▸ **Goal of the exercise**
Pictures stay out of the copy, and everything else in the data below is repeated exactly.

■ ■ ■ ■ ■

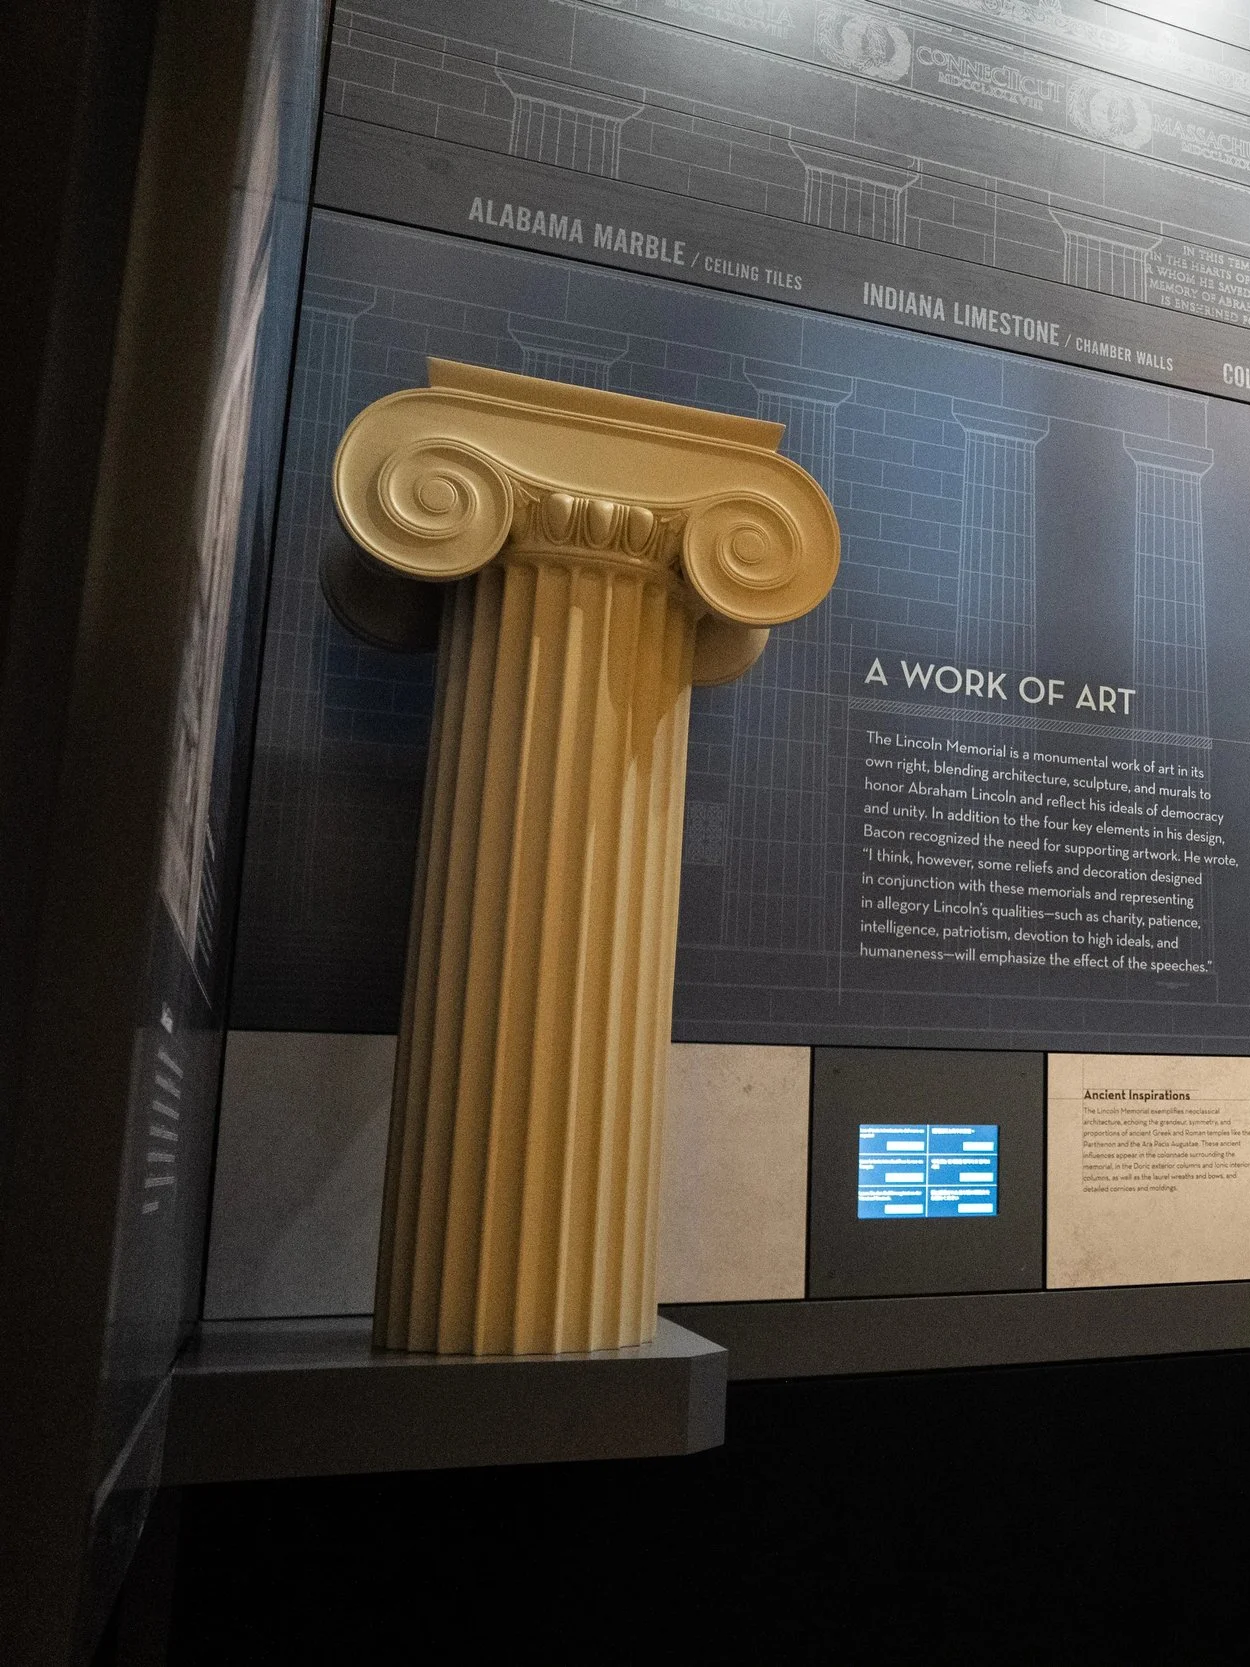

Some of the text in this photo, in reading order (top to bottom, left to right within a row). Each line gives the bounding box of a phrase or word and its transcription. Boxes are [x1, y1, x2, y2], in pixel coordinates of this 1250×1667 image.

[916, 45, 1065, 103] CONNECTICUT
[468, 197, 803, 291] ALABAMA MARBLE CEILING TILES
[1183, 246, 1195, 257] IN
[1199, 249, 1224, 265] THIS
[1150, 278, 1198, 301] MEMORY
[1157, 265, 1196, 285] WHOM
[1166, 255, 1188, 270] THE
[1191, 260, 1232, 280] HEARTS
[1235, 273, 1250, 285] OF
[1161, 295, 1171, 306] IS
[863, 281, 1174, 372] INDIANA LIMESTONE CHAMBER WALLS
[864, 657, 1136, 715] A WORK OF ART
[866, 730, 1205, 779] The Lincoln Memorial is a monumental work of art in its
[864, 757, 1212, 801] own right, blending architecture, sculpture, and murals to
[864, 776, 1225, 826] honor Abraham Lincoln and reflect his ideals of democracy
[863, 801, 1226, 847] and unity. In addition to the four key elements in his design,
[863, 823, 1239, 868] Bacon recognized the need for supporting artwork. He wrote,
[876, 848, 914, 866] think,
[916, 850, 975, 870] however,
[977, 860, 1013, 872] some
[1015, 859, 1054, 875] reliefs
[1056, 863, 1080, 877] and
[1082, 863, 1148, 881] decoration
[1149, 868, 1203, 887] designed
[861, 871, 1195, 910] in conjunction with these memorials and representing
[860, 895, 874, 909] in
[876, 895, 930, 916] allegory
[1085, 912, 1100, 923] as
[1101, 909, 1146, 929] charity,
[1148, 914, 1202, 930] patience,
[860, 919, 1179, 950] intelligence, patriotism, devotion to high ideals, and
[978, 949, 1047, 967] emphasize
[1049, 952, 1071, 967] the
[1072, 953, 1110, 969] effect
[1111, 954, 1125, 969] of
[1127, 956, 1148, 971] the
[1084, 1089, 1191, 1103] Ancient Inspirations
[1084, 1107, 1150, 1115] The Lincoln Memorial
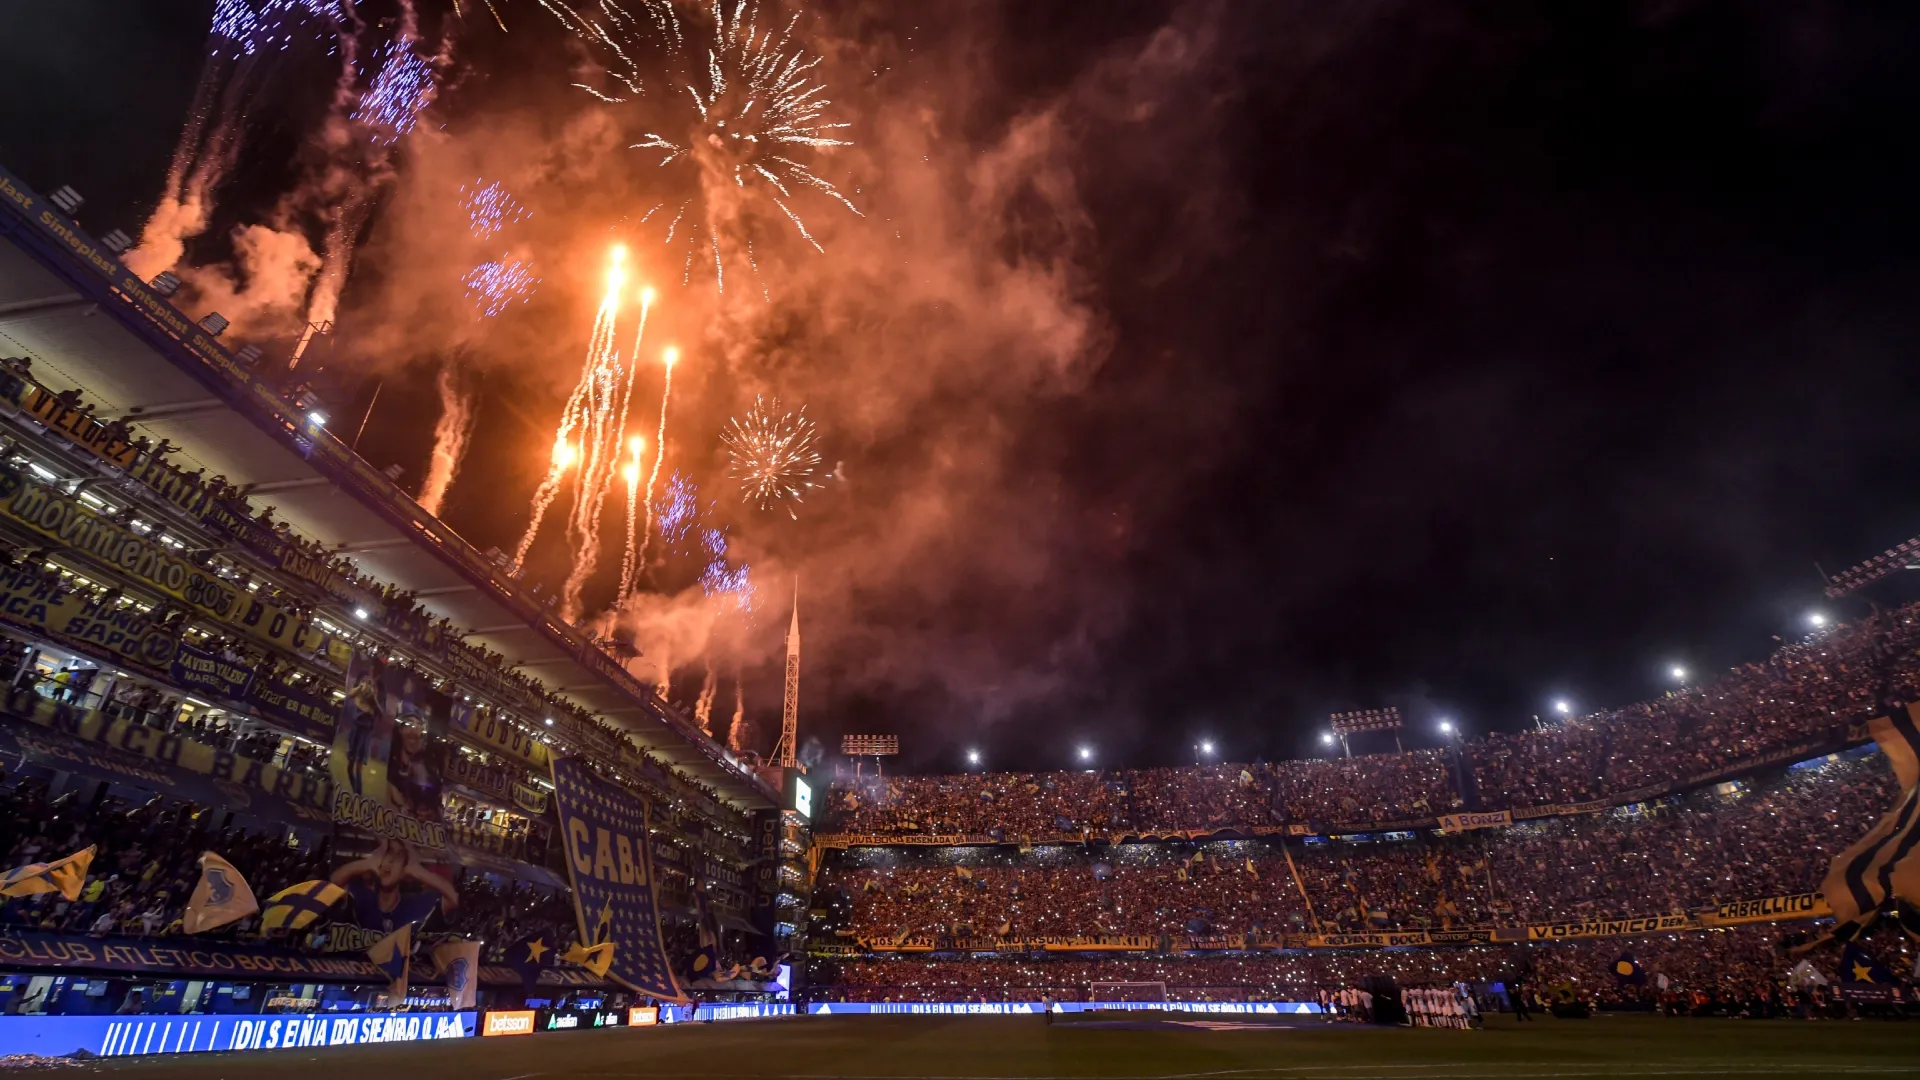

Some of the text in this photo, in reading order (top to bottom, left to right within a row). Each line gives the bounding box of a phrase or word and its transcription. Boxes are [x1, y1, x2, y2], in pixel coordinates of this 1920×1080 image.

[0, 177, 33, 209] last
[40, 211, 117, 276] Sinteplast
[122, 278, 188, 335] Sinteplast
[192, 334, 250, 384] Sinteplast
[211, 750, 332, 806] BARRI
[1459, 812, 1506, 827] BONZI
[569, 816, 646, 886] CABJ
[905, 836, 950, 845] ENSENADA
[758, 819, 778, 907] betsn
[1718, 893, 1814, 918] CABALLITO
[1389, 932, 1425, 945] BOCA
[0, 938, 96, 963] CLUB
[238, 953, 310, 974] BOCA
[309, 957, 377, 976] JUNIOR
[489, 1015, 530, 1033] betsson
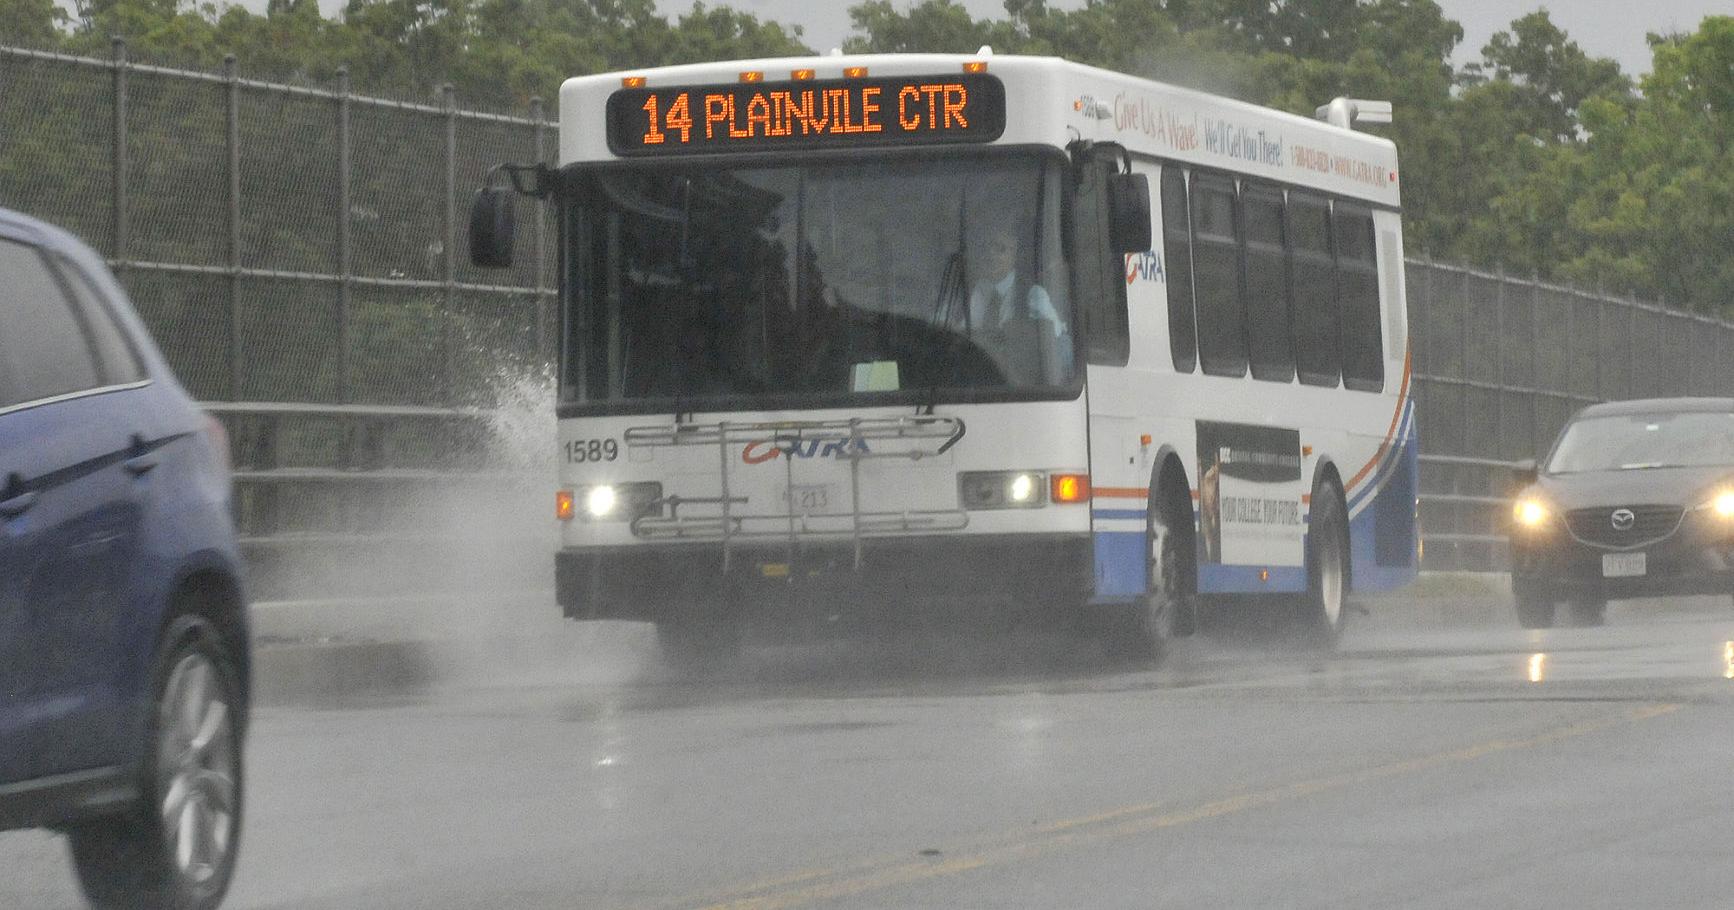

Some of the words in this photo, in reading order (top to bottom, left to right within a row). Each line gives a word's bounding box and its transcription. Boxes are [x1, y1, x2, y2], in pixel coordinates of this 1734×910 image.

[643, 93, 692, 144] 14
[705, 87, 881, 139] PLAINVILE
[899, 84, 967, 130] CTR
[1114, 93, 1138, 131] Give
[1141, 97, 1157, 138] Us
[1157, 106, 1167, 144] A
[1167, 111, 1199, 152] Wave!
[1204, 120, 1226, 154] We'll
[1227, 124, 1242, 159] Get
[1242, 127, 1257, 162] You
[1257, 131, 1284, 168] There!
[564, 438, 618, 462] 1589

■ ■ ■ ■ ■

▸ **Result for this exercise**
Some of the text in this photo, in reading order (top to bottom, left to right within a row). Each line gives the bounding box of a phrase or word and its transcription. Boxes are [x1, y1, x2, y2], in pixel coordinates of this 1250×1667 image.

[916, 45, 1065, 103] CONNECTICUT
[468, 197, 803, 291] ALABAMA MARBLE CEILING TILES
[1183, 246, 1195, 257] IN
[1199, 249, 1224, 265] THIS
[1150, 278, 1198, 301] MEMORY
[1157, 265, 1196, 285] WHOM
[1166, 255, 1188, 270] THE
[1191, 260, 1232, 280] HEARTS
[1235, 273, 1250, 285] OF
[1161, 295, 1171, 306] IS
[863, 281, 1174, 372] INDIANA LIMESTONE CHAMBER WALLS
[864, 657, 1136, 715] A WORK OF ART
[866, 730, 1205, 779] The Lincoln Memorial is a monumental work of art in its
[864, 757, 1212, 801] own right, blending architecture, sculpture, and murals to
[864, 776, 1225, 826] honor Abraham Lincoln and reflect his ideals of democracy
[863, 801, 1226, 847] and unity. In addition to the four key elements in his design,
[863, 823, 1239, 868] Bacon recognized the need for supporting artwork. He wrote,
[876, 848, 914, 866] think,
[916, 850, 975, 870] however,
[977, 860, 1013, 872] some
[1015, 859, 1054, 875] reliefs
[1056, 863, 1080, 877] and
[1082, 863, 1148, 881] decoration
[1149, 868, 1203, 887] designed
[861, 871, 1195, 910] in conjunction with these memorials and representing
[860, 895, 874, 909] in
[876, 895, 930, 916] allegory
[1085, 912, 1100, 923] as
[1101, 909, 1146, 929] charity,
[1148, 914, 1202, 930] patience,
[860, 919, 1179, 950] intelligence, patriotism, devotion to high ideals, and
[978, 949, 1047, 967] emphasize
[1049, 952, 1071, 967] the
[1072, 953, 1110, 969] effect
[1111, 954, 1125, 969] of
[1127, 956, 1148, 971] the
[1084, 1089, 1191, 1103] Ancient Inspirations
[1084, 1107, 1150, 1115] The Lincoln Memorial

Some of the text in this photo, in reading order (top to bottom, left to right within a row). Each line gives the bounding box of a phrase or word and its transcription. Boxes are [x1, y1, x2, y2], in pixel coordinates of this 1920×1080 image.

[0, 177, 33, 209] last
[40, 211, 117, 276] Sinteplast
[122, 278, 188, 335] Sinteplast
[192, 334, 250, 384] Sinteplast
[211, 750, 332, 806] BARRI
[1459, 812, 1506, 827] BONZI
[569, 816, 646, 886] CABJ
[905, 836, 950, 845] ENSENADA
[758, 819, 778, 907] betsn
[1718, 893, 1814, 918] CABALLITO
[1389, 932, 1425, 945] BOCA
[0, 938, 96, 963] CLUB
[238, 953, 310, 974] BOCA
[309, 957, 377, 976] JUNIOR
[489, 1015, 530, 1033] betsson

Some of the words in this photo, in reading order (top to bottom, left to right within a row). Each line gives a word's bounding box and its transcription. Boxes are [x1, y1, x2, y2], in pixel coordinates of this 1734×910 image.

[643, 93, 692, 144] 14
[705, 87, 881, 139] PLAINVILE
[899, 84, 967, 130] CTR
[1114, 93, 1138, 131] Give
[1141, 97, 1157, 138] Us
[1157, 106, 1167, 144] A
[1167, 111, 1199, 152] Wave!
[1204, 120, 1226, 154] We'll
[1227, 124, 1242, 159] Get
[1242, 127, 1257, 162] You
[1257, 131, 1284, 168] There!
[564, 438, 618, 462] 1589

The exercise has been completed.